Hello again friends! I am back!
It has now been almost 10 months since I graduated (what a weird thing to say!) Since then, I have done what most millennials do upon graduating: try and figure out what I like, what I don’t like, and what I want to do for the rest of my life. I feel lucky because for me that has meant working in Philadelphia at PennEnvironment as an organizer on a climate change campaign. I learned a rising tides worth of knowledge and made friends that would outlast any climate disaster. But, after that ended in January, I came back to Florida to live with my parents until my departure to Argentina in March. Because of the welcomed new presence of our two kittenish-cats, I have really been left feeling a lot more like a babysitter trying to rope in unruly toddlers than a freeloading, recent postgrad. Alas, I’m glad Finn and Fitz enjoyed watching me parade around the house catching them from eating our electrical cords, gnawing on the plants, sucking on the socks, and berating them for getting stuck in the pantry.
My fellow climate defenders and bffs, Skyler and Galen
Finn and Fitz looking surprisingly angelic, despite their devilish personalities
I have decided to revitalize this blog to recount my tales as I head off on my second stay in Buenos Aires, Argentina this time not as a student, but as a full-time researcher. I have graciously been awarded a Fulbright grant to conduct research on a social movement that formed to protest poor water conditions in Claypole, a community an hour outside the city of Buenos Aires. The water in this community is contaminated by sewage, due to the lack of this infrastructure, which has led to water-borne illnesses and health problems. While the community began a movement eight years ago to demand the water company and municipality change this, progress has been slow.
A small river that runs through the town of Claypole.
This project is a continuation of the research I did for a month during my study abroad experience and I am feeling excited, nervous, is it time to go, do I have to go, ready, not ready, I can speak Spanish, do I speak Spanish, this research will make a change, will this research make a change, motivated, hopeful, expectant, inspired, grateful.

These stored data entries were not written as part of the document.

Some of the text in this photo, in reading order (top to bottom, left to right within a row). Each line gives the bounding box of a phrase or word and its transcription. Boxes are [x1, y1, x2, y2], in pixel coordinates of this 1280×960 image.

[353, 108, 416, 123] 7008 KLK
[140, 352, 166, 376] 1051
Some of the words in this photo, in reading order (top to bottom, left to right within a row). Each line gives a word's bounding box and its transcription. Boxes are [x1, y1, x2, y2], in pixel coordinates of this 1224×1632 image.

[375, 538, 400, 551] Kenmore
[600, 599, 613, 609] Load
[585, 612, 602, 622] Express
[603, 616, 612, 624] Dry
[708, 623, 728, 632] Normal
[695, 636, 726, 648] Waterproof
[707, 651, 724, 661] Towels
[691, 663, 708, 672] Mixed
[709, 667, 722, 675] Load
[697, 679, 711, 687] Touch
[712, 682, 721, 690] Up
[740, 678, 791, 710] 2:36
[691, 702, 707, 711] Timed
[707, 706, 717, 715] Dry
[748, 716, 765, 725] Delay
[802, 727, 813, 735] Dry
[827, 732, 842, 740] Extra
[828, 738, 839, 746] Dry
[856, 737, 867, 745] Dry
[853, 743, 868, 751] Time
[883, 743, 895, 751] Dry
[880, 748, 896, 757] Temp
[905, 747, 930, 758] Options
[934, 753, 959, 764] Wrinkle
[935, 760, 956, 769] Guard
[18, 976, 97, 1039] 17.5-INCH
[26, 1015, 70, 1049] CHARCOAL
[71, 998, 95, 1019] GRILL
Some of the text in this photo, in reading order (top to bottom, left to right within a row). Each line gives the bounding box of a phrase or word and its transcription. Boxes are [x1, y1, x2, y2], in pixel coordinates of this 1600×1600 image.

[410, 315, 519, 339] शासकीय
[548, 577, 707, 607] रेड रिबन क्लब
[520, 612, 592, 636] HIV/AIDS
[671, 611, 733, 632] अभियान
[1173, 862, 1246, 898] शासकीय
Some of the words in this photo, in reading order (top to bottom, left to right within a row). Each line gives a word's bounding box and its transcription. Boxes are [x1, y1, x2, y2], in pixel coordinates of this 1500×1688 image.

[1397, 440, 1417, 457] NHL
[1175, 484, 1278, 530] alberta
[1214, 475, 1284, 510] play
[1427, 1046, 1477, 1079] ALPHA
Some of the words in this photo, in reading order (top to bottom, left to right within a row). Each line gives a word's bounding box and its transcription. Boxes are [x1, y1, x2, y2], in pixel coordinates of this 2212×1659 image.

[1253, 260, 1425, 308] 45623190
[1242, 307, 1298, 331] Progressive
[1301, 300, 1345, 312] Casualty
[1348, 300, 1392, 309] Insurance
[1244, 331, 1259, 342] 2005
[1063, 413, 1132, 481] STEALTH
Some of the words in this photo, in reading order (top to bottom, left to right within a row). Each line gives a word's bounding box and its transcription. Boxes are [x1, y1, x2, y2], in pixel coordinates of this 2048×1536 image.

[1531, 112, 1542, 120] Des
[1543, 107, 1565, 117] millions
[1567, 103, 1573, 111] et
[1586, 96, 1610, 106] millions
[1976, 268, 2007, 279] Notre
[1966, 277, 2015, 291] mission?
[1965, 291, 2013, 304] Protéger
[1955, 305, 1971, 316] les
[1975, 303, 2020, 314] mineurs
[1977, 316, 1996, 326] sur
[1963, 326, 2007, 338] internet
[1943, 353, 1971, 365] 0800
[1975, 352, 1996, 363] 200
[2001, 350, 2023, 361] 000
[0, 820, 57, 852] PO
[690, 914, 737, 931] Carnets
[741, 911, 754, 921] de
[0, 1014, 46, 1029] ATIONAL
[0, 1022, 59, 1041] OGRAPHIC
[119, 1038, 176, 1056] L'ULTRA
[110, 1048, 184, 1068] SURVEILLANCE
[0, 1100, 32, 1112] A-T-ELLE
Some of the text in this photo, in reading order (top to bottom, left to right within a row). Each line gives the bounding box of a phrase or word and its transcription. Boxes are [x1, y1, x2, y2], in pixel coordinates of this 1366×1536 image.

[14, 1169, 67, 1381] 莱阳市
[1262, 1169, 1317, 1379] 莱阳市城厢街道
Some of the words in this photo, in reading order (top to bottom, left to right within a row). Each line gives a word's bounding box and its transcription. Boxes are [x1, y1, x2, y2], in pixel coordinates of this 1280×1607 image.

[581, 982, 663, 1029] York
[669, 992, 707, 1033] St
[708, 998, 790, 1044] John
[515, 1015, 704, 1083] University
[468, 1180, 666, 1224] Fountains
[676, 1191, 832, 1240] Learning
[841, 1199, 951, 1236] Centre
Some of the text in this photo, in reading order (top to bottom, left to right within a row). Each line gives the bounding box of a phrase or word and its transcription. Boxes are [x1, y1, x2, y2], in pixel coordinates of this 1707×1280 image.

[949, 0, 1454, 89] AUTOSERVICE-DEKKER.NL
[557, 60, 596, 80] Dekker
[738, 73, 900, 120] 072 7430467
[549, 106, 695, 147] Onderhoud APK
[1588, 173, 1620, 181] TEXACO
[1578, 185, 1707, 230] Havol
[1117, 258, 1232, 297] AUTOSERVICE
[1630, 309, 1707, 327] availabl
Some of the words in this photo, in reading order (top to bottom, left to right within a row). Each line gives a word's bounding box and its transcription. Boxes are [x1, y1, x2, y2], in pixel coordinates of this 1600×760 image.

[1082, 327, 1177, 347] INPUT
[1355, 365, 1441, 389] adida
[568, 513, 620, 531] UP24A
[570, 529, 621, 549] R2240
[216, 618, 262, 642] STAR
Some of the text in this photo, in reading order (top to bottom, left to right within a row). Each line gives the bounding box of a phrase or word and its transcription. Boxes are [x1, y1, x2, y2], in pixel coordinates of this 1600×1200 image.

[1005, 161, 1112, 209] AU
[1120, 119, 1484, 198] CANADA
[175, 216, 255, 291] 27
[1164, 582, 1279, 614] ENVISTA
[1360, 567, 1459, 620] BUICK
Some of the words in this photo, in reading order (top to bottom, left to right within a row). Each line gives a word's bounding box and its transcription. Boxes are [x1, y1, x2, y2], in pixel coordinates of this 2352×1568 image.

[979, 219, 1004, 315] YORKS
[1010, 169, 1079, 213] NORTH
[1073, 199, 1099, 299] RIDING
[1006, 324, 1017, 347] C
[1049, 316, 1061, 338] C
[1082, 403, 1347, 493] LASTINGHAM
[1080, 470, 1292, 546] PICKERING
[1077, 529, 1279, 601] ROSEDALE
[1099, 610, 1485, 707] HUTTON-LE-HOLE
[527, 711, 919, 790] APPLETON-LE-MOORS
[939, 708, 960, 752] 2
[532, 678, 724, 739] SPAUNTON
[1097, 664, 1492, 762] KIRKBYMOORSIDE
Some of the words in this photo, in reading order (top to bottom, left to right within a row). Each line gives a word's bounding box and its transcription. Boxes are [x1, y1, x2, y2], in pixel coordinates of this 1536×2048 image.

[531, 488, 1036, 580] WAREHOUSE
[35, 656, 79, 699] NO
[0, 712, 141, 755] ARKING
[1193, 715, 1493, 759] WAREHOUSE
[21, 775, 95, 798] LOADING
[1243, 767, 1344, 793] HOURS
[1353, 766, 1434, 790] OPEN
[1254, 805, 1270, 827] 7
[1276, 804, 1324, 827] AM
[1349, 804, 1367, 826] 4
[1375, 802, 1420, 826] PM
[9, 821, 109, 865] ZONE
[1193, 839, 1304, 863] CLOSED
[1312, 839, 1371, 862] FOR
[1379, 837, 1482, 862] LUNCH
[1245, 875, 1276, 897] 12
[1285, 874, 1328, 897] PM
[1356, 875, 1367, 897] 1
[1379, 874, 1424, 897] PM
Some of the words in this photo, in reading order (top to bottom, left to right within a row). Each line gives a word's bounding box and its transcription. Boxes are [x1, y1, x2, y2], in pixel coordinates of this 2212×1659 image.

My fear of research is that it often tends to get trapped in the academic vortex where good intentions and good ideas go to die. My huge internal conflict with this assignment is that I hope this research is not just research for research sake. My goal is for this research to escape the disastrous vortex and somehow make it’s way into the hands of policy makers, municipal officials, journalists, who can expose this information and/or make the change necessary. Whatever comes of this project, whether it’s coming up with a comprehensive report of the social movement and the successes and failures, or whether it is working with the community to establish a strategic plan to reach the goal of improving access to clean water or something entirely different – I hope it will be useful.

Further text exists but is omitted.